------ EXERCISE MATERIAL ------
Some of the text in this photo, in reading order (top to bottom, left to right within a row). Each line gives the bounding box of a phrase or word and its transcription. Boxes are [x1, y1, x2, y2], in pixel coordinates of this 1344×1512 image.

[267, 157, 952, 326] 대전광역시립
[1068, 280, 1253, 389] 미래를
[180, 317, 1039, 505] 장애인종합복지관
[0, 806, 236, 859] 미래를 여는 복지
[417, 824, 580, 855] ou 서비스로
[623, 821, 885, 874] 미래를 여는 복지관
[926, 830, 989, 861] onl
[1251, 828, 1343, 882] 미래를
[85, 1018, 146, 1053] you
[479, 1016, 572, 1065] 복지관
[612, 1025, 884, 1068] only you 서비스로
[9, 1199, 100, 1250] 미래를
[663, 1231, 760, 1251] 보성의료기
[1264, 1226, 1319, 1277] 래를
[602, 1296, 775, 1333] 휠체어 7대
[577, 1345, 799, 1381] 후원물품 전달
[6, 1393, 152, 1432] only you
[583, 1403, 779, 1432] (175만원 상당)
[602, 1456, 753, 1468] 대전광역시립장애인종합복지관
------
▶ EXERCISE REQUIREMENTS:
Give back the complete material, keeping every word exactly as written.

▶ TASK RESULT:
Some of the text in this photo, in reading order (top to bottom, left to right within a row). Each line gives the bounding box of a phrase or word and its transcription. Boxes are [x1, y1, x2, y2], in pixel coordinates of this 1344×1512 image.

[267, 157, 952, 326] 대전광역시립
[1068, 280, 1253, 389] 미래를
[180, 317, 1039, 505] 장애인종합복지관
[0, 806, 236, 859] 미래를 여는 복지
[417, 824, 580, 855] ou 서비스로
[623, 821, 885, 874] 미래를 여는 복지관
[926, 830, 989, 861] onl
[1251, 828, 1343, 882] 미래를
[85, 1018, 146, 1053] you
[479, 1016, 572, 1065] 복지관
[612, 1025, 884, 1068] only you 서비스로
[9, 1199, 100, 1250] 미래를
[663, 1231, 760, 1251] 보성의료기
[1264, 1226, 1319, 1277] 래를
[602, 1296, 775, 1333] 휠체어 7대
[577, 1345, 799, 1381] 후원물품 전달
[6, 1393, 152, 1432] only you
[583, 1403, 779, 1432] (175만원 상당)
[602, 1456, 753, 1468] 대전광역시립장애인종합복지관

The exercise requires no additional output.